DATA PROVIDED Start Marker

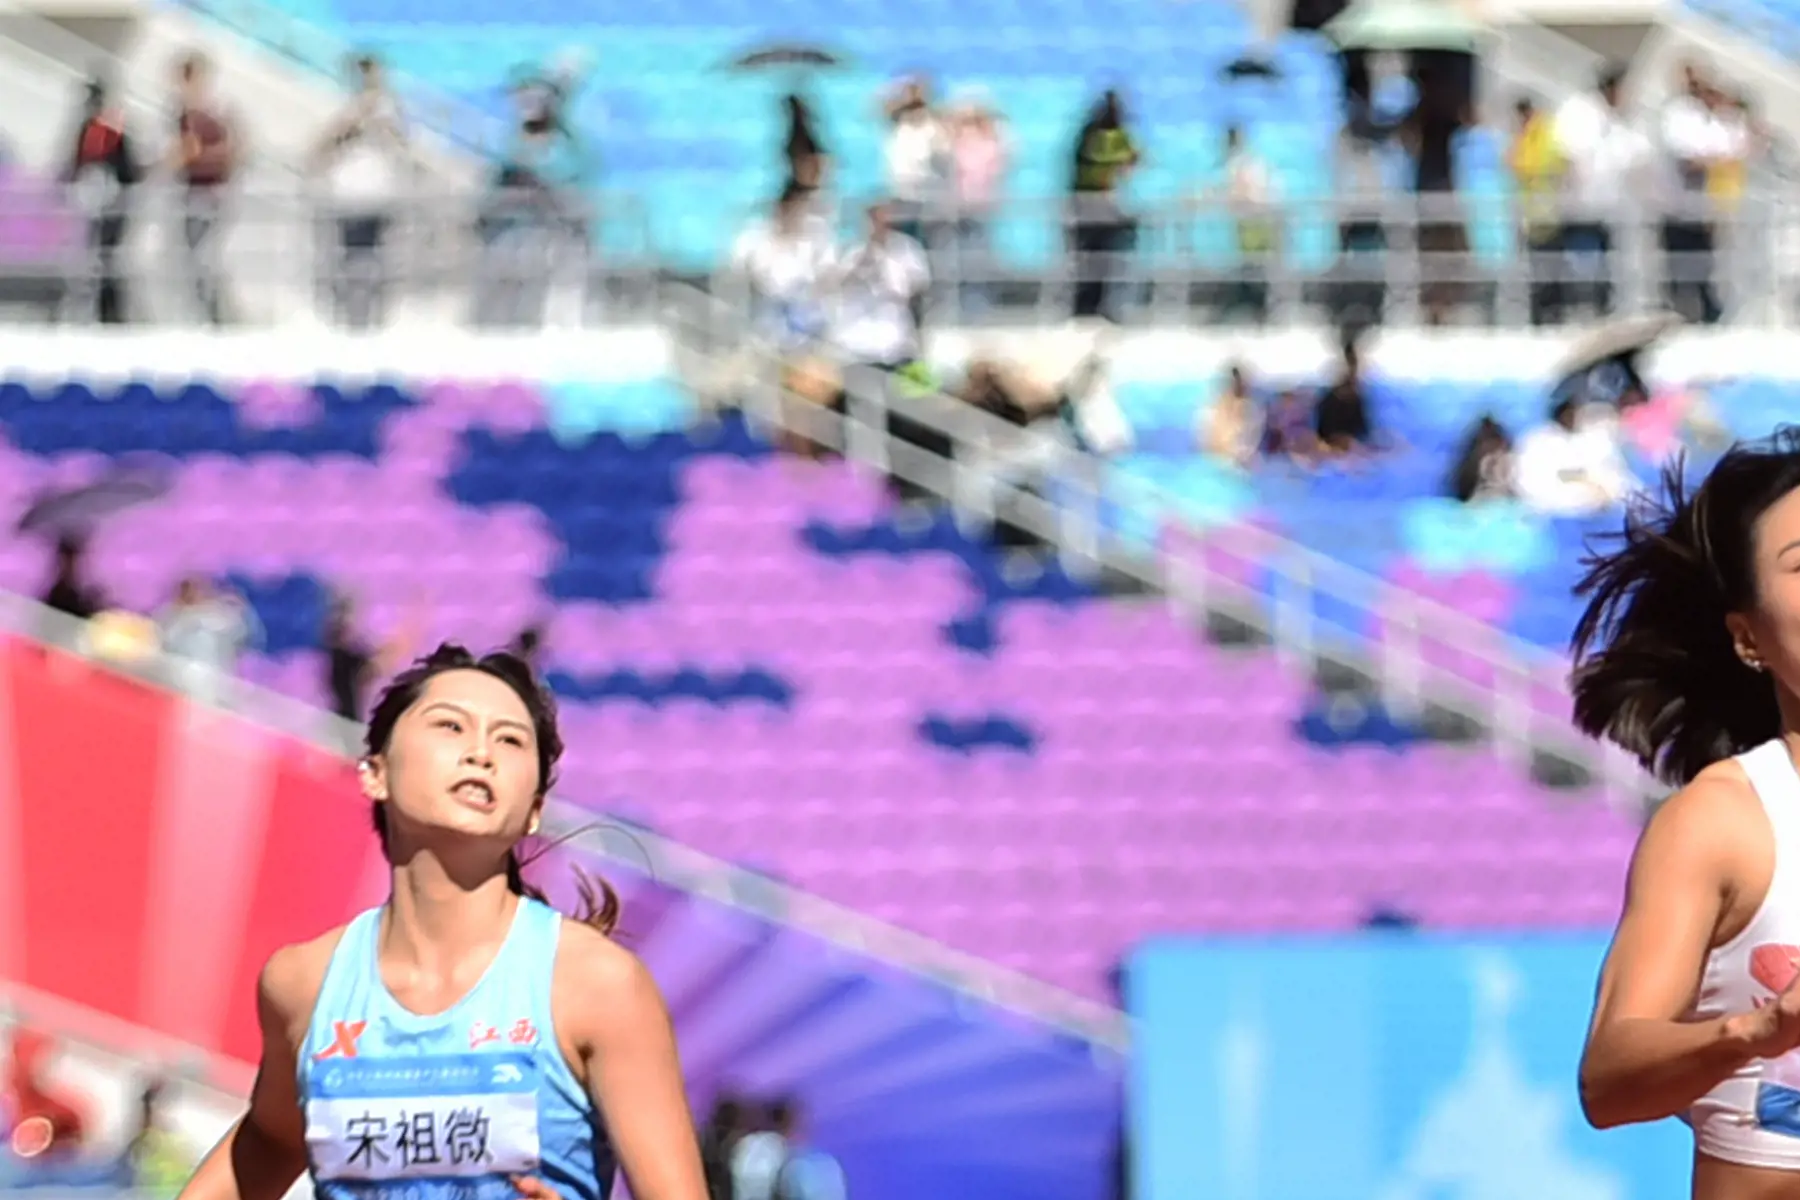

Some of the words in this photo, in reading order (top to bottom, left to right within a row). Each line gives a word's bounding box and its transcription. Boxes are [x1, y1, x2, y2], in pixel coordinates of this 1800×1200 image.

[470, 1018, 537, 1048] 江西
[345, 1107, 493, 1168] 宋祖微
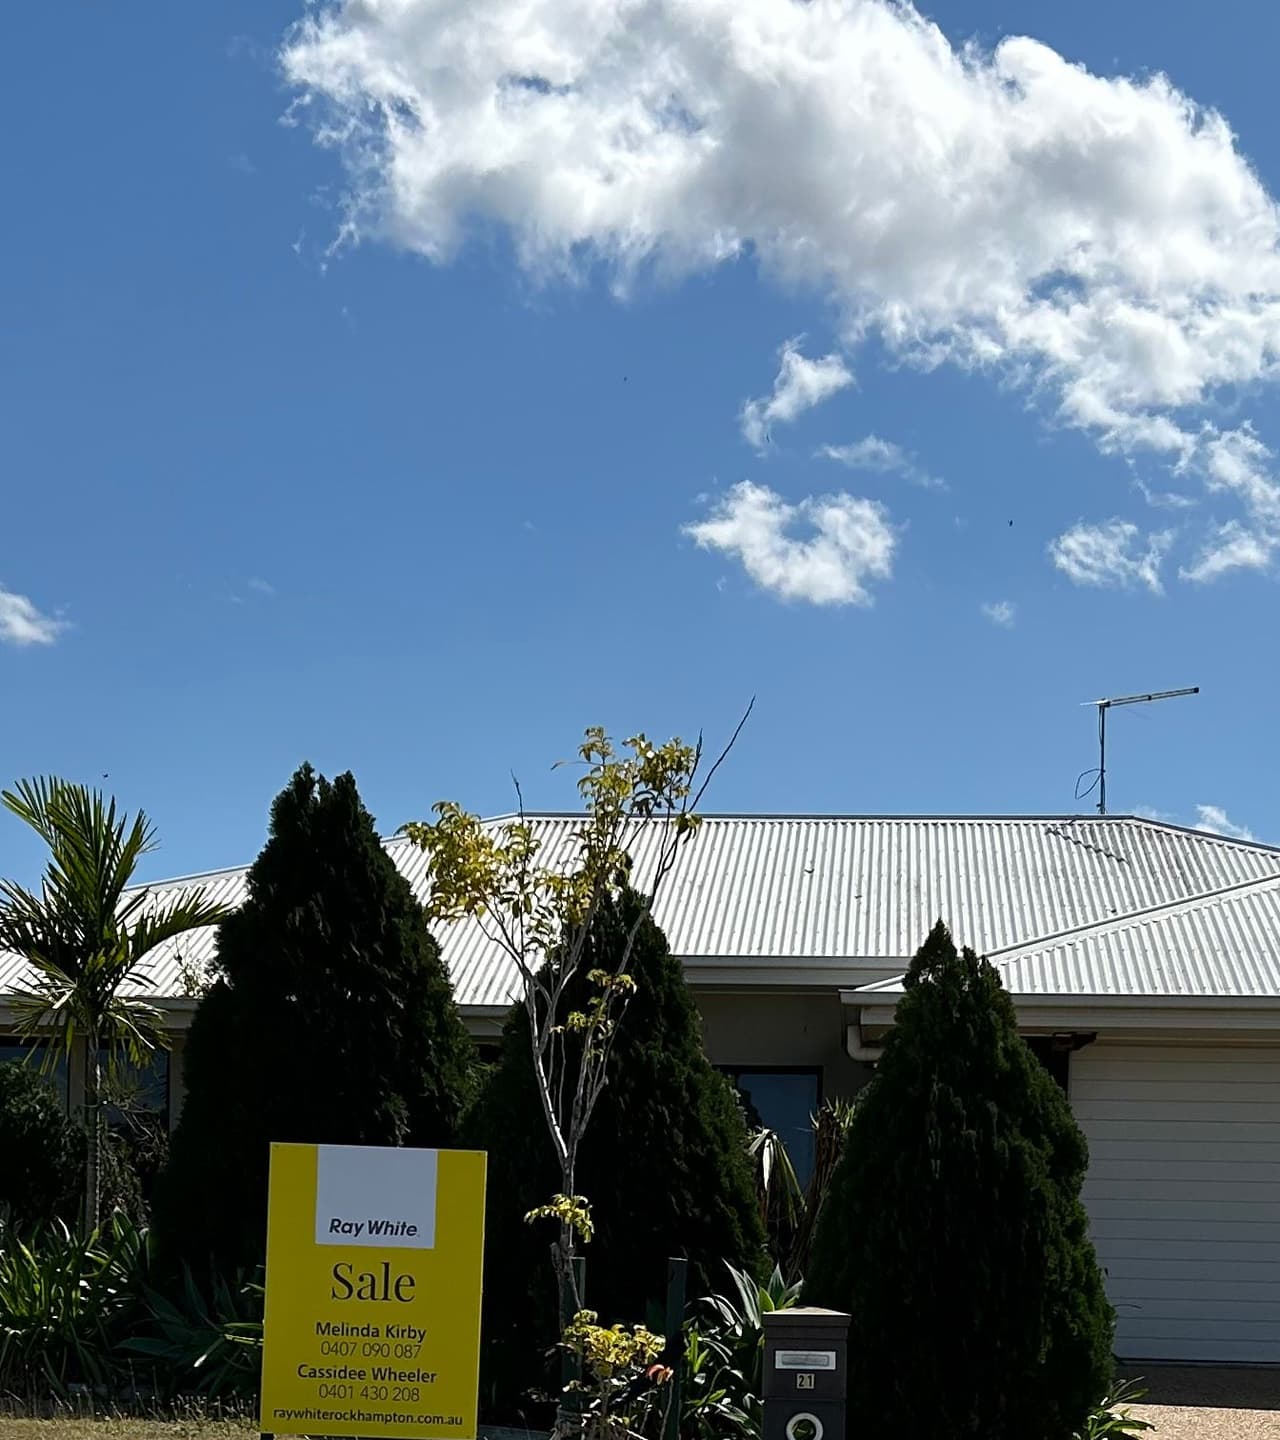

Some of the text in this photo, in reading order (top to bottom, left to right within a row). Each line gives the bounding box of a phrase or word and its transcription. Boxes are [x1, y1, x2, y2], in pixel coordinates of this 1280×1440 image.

[329, 1218, 418, 1238] Ray White
[331, 1261, 416, 1302] Sale
[316, 1322, 427, 1343] Melinda Kirby
[320, 1341, 421, 1359] 0407 090 087
[297, 1364, 437, 1383] Cassidee Wheeler
[798, 1375, 813, 1387] 21
[319, 1384, 420, 1402] 0401 430 208
[273, 1408, 463, 1426] raywhiterockhampton.com.au
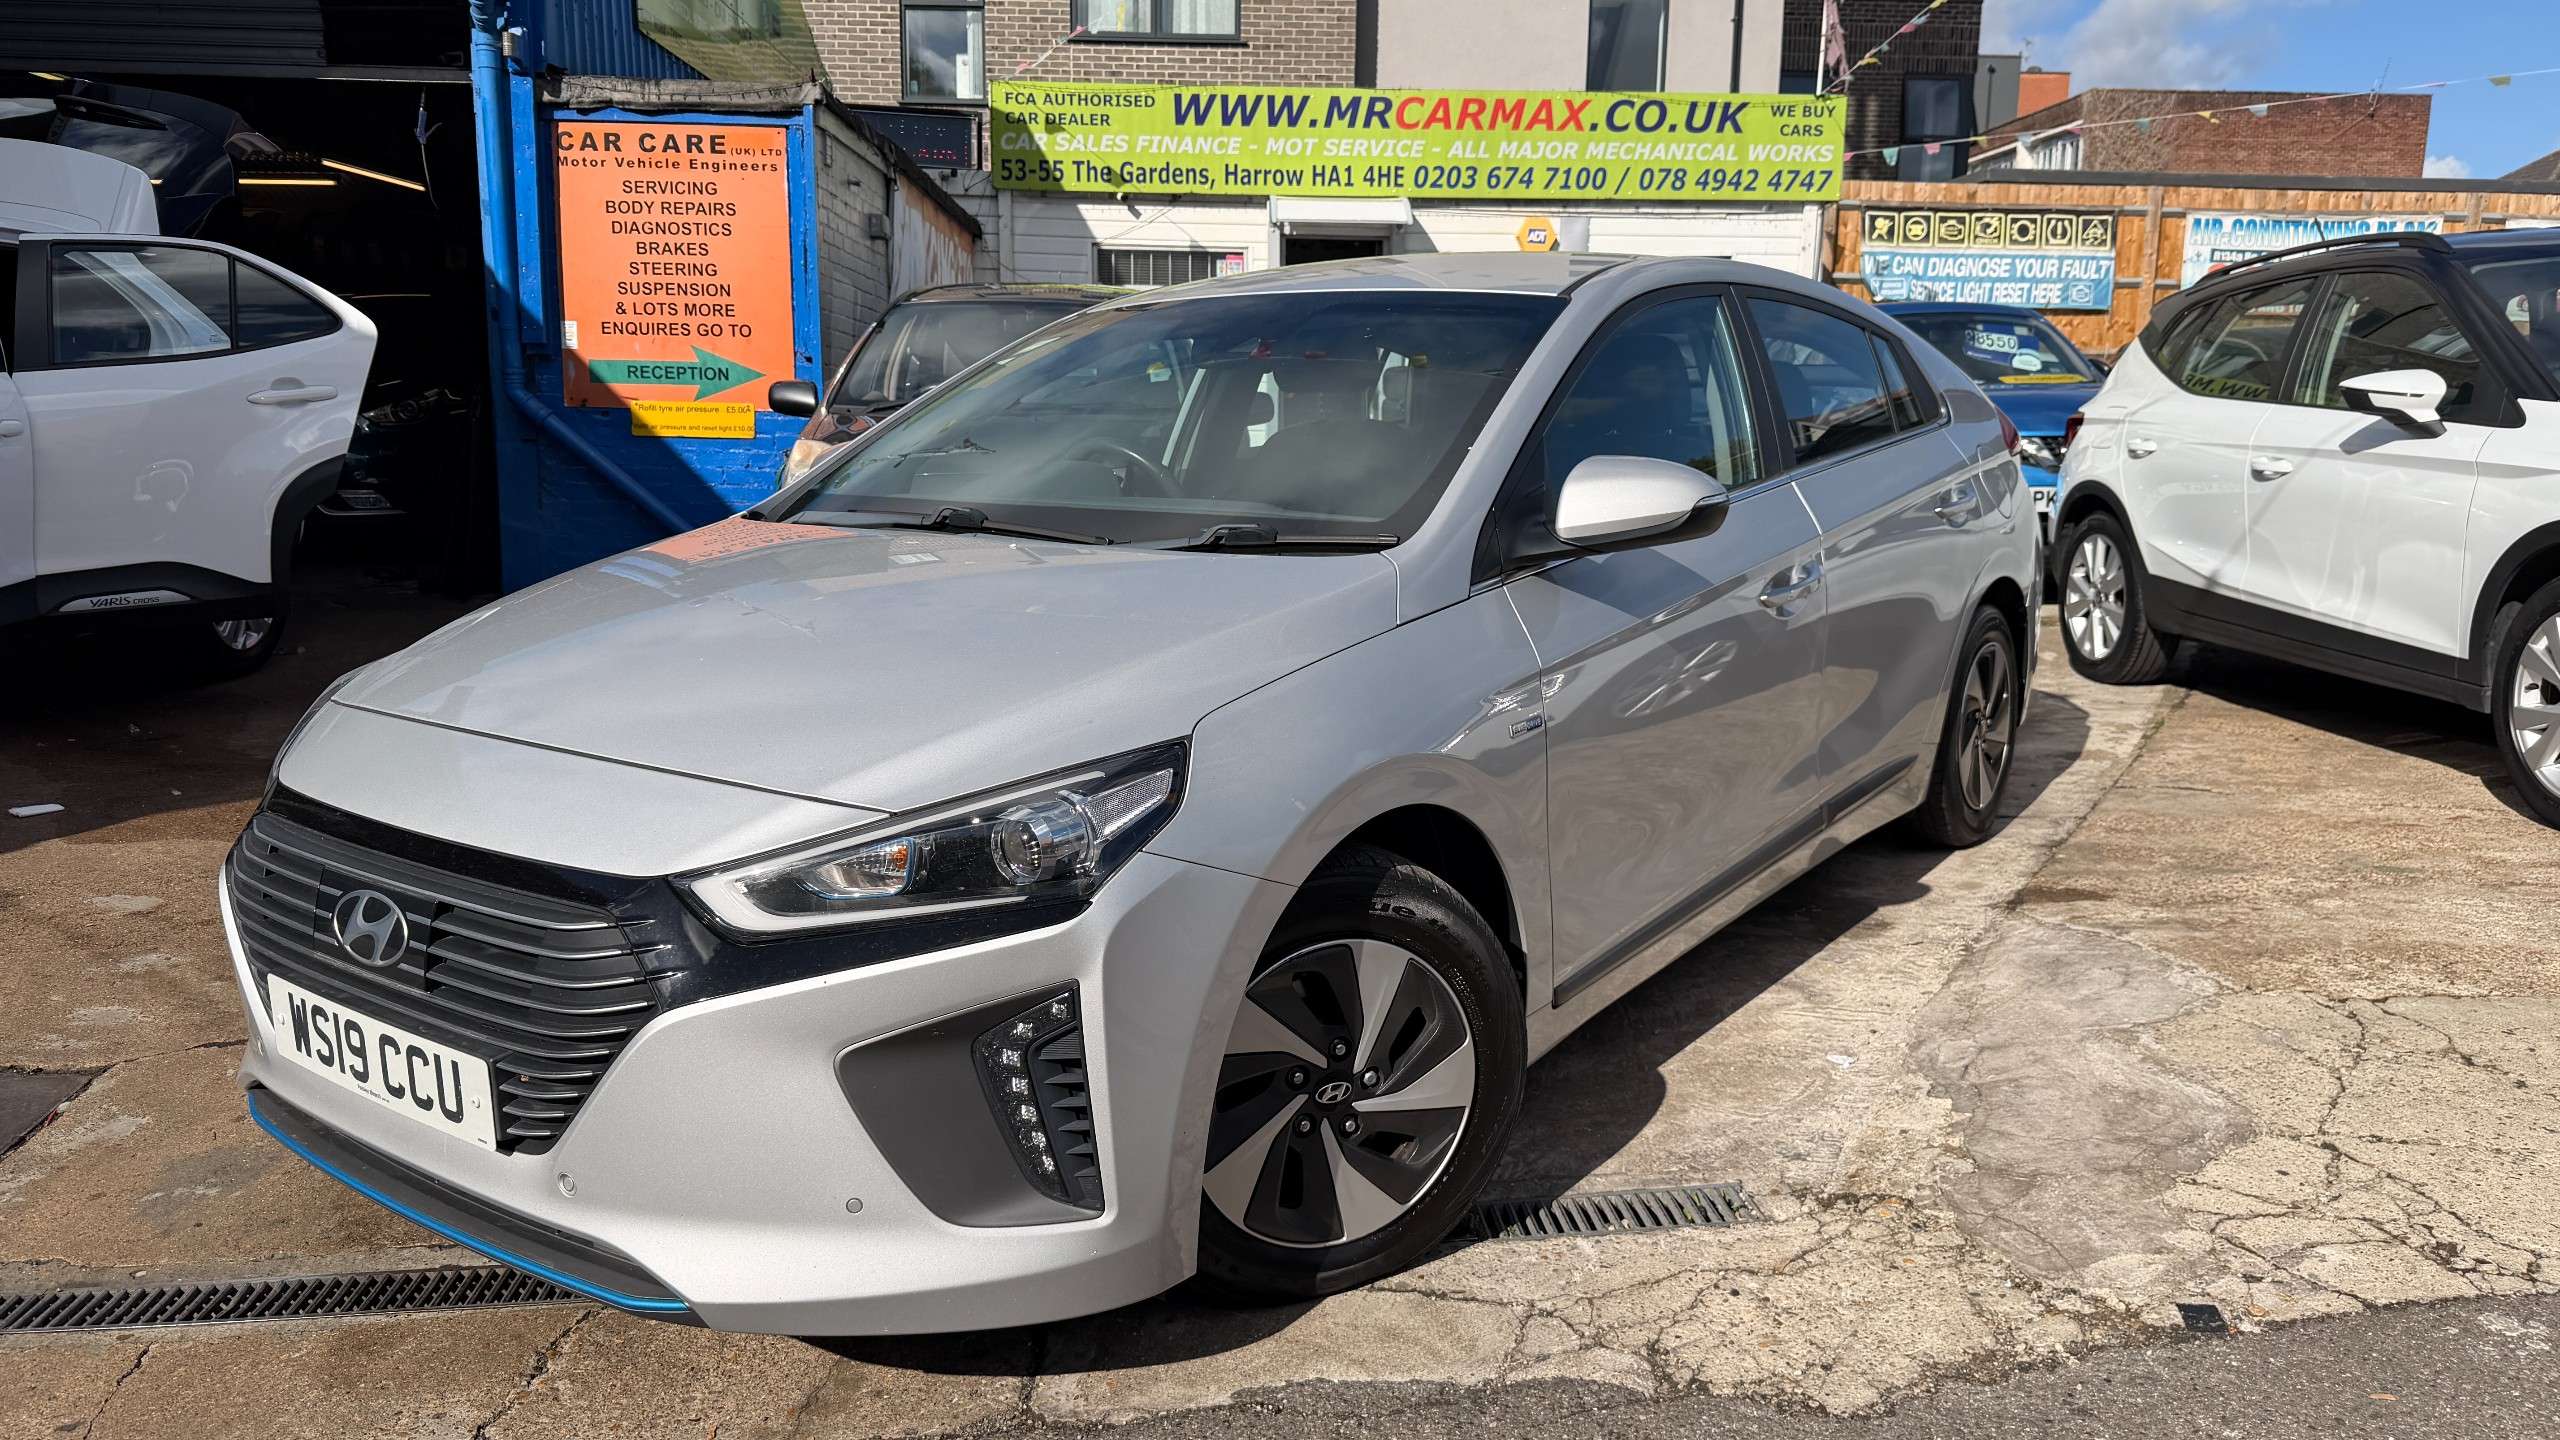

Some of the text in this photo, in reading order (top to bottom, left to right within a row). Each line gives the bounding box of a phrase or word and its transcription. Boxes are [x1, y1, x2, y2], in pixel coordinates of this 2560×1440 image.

DATA PROVIDED End Marker

> **PROBLEM STATEMENT**
All of the records need to be reproduced exactly, with each picture omitted.

> **SOLUTION TO THE PROBLEM**
Some of the words in this photo, in reading order (top to bottom, left to right within a row). Each line gives a word's bounding box and its transcription. Boxes are [x1, y1, x2, y2], in pixel coordinates of this 1800×1200 image.

[470, 1018, 537, 1048] 江西
[345, 1107, 493, 1168] 宋祖微

Some of the text in this photo, in reading order (top to bottom, left to right within a row). Each line gives the bounding box of a phrase or word and its transcription. Boxes are [x1, y1, x2, y2], in pixel coordinates of this 1280×1440 image.

[329, 1218, 418, 1238] Ray White
[331, 1261, 416, 1302] Sale
[316, 1322, 427, 1343] Melinda Kirby
[320, 1341, 421, 1359] 0407 090 087
[297, 1364, 437, 1383] Cassidee Wheeler
[798, 1375, 813, 1387] 21
[319, 1384, 420, 1402] 0401 430 208
[273, 1408, 463, 1426] raywhiterockhampton.com.au

Some of the text in this photo, in reading order (top to bottom, left to right within a row). Each line gives the bounding box of a phrase or word and its transcription. Boxes are [x1, y1, x2, y2], in pixel coordinates of this 2560×1440 image.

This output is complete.